### WORK ITEM
The data follows. Retype every entry exactly.

### Data records

──────────

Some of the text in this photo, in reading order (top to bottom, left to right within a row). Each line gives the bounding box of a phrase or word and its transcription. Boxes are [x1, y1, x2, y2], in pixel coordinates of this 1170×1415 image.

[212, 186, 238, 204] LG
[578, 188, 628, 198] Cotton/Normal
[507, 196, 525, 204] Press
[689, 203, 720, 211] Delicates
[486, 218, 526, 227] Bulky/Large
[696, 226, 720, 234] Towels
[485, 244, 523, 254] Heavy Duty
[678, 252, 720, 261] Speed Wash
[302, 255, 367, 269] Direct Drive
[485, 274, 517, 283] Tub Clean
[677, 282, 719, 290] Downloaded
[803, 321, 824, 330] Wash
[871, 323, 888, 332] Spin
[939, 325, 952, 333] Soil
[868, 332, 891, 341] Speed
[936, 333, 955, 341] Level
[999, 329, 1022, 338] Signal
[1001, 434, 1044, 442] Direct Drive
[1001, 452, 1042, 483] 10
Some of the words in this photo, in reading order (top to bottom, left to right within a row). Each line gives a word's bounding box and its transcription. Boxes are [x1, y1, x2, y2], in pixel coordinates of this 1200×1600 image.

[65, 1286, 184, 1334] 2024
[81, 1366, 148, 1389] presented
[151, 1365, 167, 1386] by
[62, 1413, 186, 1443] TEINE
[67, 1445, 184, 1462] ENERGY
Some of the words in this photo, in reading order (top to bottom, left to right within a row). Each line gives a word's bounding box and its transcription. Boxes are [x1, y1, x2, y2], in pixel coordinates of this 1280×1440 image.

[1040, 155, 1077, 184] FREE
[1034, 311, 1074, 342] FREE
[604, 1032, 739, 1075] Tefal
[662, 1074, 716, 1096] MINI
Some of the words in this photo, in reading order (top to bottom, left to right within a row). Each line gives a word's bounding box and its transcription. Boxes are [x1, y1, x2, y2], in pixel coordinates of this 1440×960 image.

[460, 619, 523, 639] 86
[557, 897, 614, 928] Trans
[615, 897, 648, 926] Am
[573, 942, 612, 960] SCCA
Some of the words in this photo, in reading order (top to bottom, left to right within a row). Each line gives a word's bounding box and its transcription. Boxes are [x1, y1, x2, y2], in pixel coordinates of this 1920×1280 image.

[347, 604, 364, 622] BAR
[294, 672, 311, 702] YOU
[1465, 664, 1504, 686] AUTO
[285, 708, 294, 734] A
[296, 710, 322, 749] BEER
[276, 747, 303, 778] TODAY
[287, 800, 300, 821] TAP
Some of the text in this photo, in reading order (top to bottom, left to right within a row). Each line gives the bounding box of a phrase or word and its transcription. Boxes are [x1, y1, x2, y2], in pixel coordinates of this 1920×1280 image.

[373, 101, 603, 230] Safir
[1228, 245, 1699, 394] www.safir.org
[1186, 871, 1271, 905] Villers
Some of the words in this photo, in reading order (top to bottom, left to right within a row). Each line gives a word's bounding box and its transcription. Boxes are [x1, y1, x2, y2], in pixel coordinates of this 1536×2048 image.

──────────

### OUTPUT OF THE EXERCISE
Some of the text in this photo, in reading order (top to bottom, left to right within a row). Each line gives the bounding box of a phrase or word and its transcription. Boxes are [x1, y1, x2, y2], in pixel coordinates of this 1170×1415 image.

[212, 186, 238, 204] LG
[578, 188, 628, 198] Cotton/Normal
[507, 196, 525, 204] Press
[689, 203, 720, 211] Delicates
[486, 218, 526, 227] Bulky/Large
[696, 226, 720, 234] Towels
[485, 244, 523, 254] Heavy Duty
[678, 252, 720, 261] Speed Wash
[302, 255, 367, 269] Direct Drive
[485, 274, 517, 283] Tub Clean
[677, 282, 719, 290] Downloaded
[803, 321, 824, 330] Wash
[871, 323, 888, 332] Spin
[939, 325, 952, 333] Soil
[868, 332, 891, 341] Speed
[936, 333, 955, 341] Level
[999, 329, 1022, 338] Signal
[1001, 434, 1044, 442] Direct Drive
[1001, 452, 1042, 483] 10
Some of the words in this photo, in reading order (top to bottom, left to right within a row). Each line gives a word's bounding box and its transcription. Boxes are [x1, y1, x2, y2], in pixel coordinates of this 1200×1600 image.

[65, 1286, 184, 1334] 2024
[81, 1366, 148, 1389] presented
[151, 1365, 167, 1386] by
[62, 1413, 186, 1443] TEINE
[67, 1445, 184, 1462] ENERGY
Some of the words in this photo, in reading order (top to bottom, left to right within a row). Each line gives a word's bounding box and its transcription. Boxes are [x1, y1, x2, y2], in pixel coordinates of this 1280×1440 image.

[1040, 155, 1077, 184] FREE
[1034, 311, 1074, 342] FREE
[604, 1032, 739, 1075] Tefal
[662, 1074, 716, 1096] MINI
Some of the words in this photo, in reading order (top to bottom, left to right within a row). Each line gives a word's bounding box and its transcription. Boxes are [x1, y1, x2, y2], in pixel coordinates of this 1440×960 image.

[460, 619, 523, 639] 86
[557, 897, 614, 928] Trans
[615, 897, 648, 926] Am
[573, 942, 612, 960] SCCA
Some of the words in this photo, in reading order (top to bottom, left to right within a row). Each line gives a word's bounding box and its transcription. Boxes are [x1, y1, x2, y2], in pixel coordinates of this 1920×1280 image.

[347, 604, 364, 622] BAR
[294, 672, 311, 702] YOU
[1465, 664, 1504, 686] AUTO
[285, 708, 294, 734] A
[296, 710, 322, 749] BEER
[276, 747, 303, 778] TODAY
[287, 800, 300, 821] TAP
Some of the text in this photo, in reading order (top to bottom, left to right within a row). Each line gives the bounding box of a phrase or word and its transcription. Boxes are [x1, y1, x2, y2], in pixel coordinates of this 1920×1280 image.

[373, 101, 603, 230] Safir
[1228, 245, 1699, 394] www.safir.org
[1186, 871, 1271, 905] Villers
Some of the words in this photo, in reading order (top to bottom, left to right within a row). Each line gives a word's bounding box and its transcription. Boxes are [x1, y1, x2, y2], in pixel coordinates of this 1536×2048 image.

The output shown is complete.